Technical Tricks of the Trade: Advice from an Amateur

25 Sep

You’d be surprised what you can learn from a set of new eyes, even when they may not be the most experienced.  The fact that people read this blog has given me an inflated sense of ego, and I feel impudent enough to offer some advice when it comes to taking class.  I believe that our flaws shape our perceptions, and as someone with bad feet, bad turnout and no natural flexibility, I’m always looking at how people use such things.  One of the teachers at Pacific Northwest mentioned how Maria Tallchief, who doesn’t have the best feet, would go crazy when dancers with great feet didn’t use them.  This entry shall be an amalgamation of various things the teachers I respect the most have told me and is perhaps geared towards the late starter or beginning/intermediate dance student.  For the accomplished dancer or teacher, there’s a good chance you have something better to do!

If you’re a late starter, fret not.  A late starter is someone who may start at the age of fifteen or sixteen and the good news is you’re NOT a late starter at all.  Many a fine dancer began their training at this age (particularly guys) and went on to professional careers.  One of the best examples I can think of is Melissa Hayden, a celebrated Balanchine muse, who started at fifteen…and you didn’t get to be a Balanchine muse if you didn’t have special qualities!  Hayden was every bit the technical virtuoso on pointe that other dancers who trained from an early age were and she had incredible passion—her true tour de force.  Another great dancer who started at fifteen is Thiago Soares, a current principal with The Royal Ballet, so even in this modern era can one start in their teenage years and achieve the highest ranks possible in dance.  So really, if you’re around this age, don’t call yourself a “late starter,” and think of it as a “delayed start” instead.

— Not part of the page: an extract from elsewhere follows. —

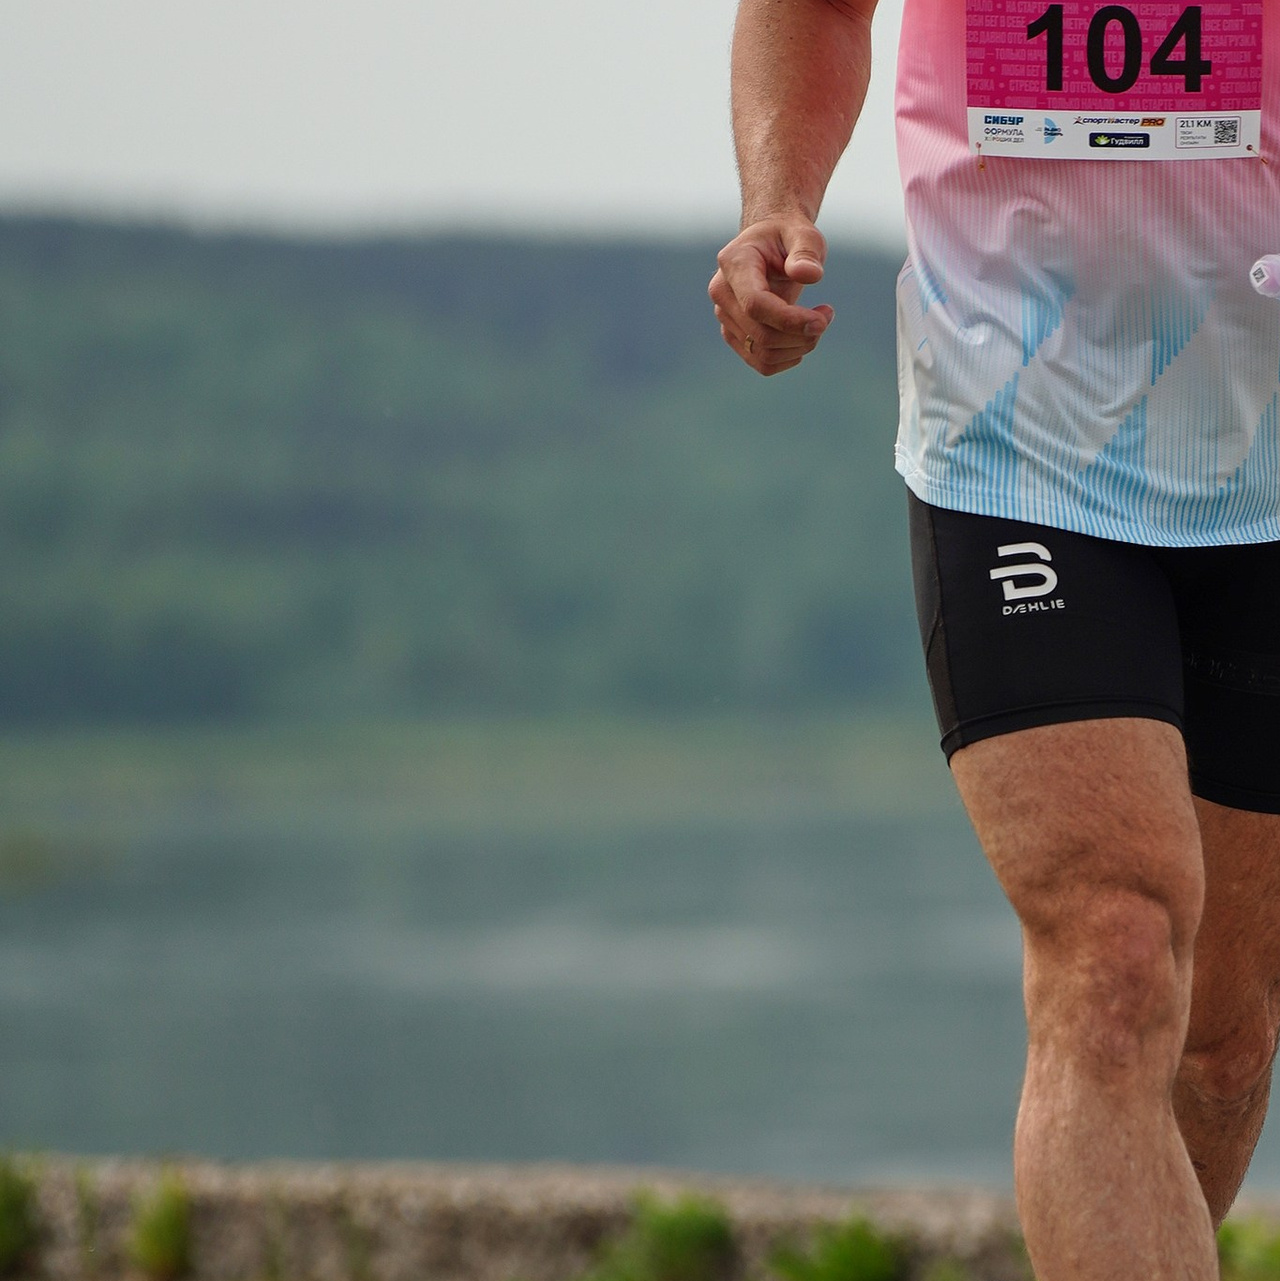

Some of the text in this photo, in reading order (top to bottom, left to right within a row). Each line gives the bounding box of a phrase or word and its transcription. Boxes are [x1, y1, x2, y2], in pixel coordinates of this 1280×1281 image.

[1027, 3, 1212, 94] 104
[984, 115, 1023, 125] СИБУР
[984, 127, 1024, 136] ФОРМУЛА

If you began past the age of twenty like I did, NOW you’re a true late starter (in my case, 23, so ANCIENT starter).  Professional aspirations are probably unrealistic, but that’s okay because if you’re anything like me, you just love to take class and dance.   Sometimes we’re not taken seriously because we don’t have those possibilities but that doesn’t mean we don’t want to achieve certain things like a double pirouette or a higher leg extension.  However, the approach is perhaps a little different with adult ballet and I will share what I’ve learned, in terms of the four goals that seem to be common:

I want MASSIVE amounts of turnout!

Your knees and hips are screaming—STOP.  Your turnout will improve with continued barre practice.  What people don’t realize though is that it isn’t necessarily how much turnout you have, but how you use it.  I always cite the example of one of the differences I noticed between the corps de ballet of the Bolshoi and The Royal Ballet.  The Bolshoi corps would all line up in perfectly turned out fourth positions but when they went up on pointe, wa-waaaah their legs actually turned in!  This inward rotation was actually very distraction because then they force their turnout on the way down, creating even more extraneous movement.  The Royal Ballet corps, on the other hand, had dancers who were not 180°, but moved in and out of a fourth or fifth position they could use, without extra rotation of the legs.  The cleanliness and efficiency supersedes less-than-180° turnout.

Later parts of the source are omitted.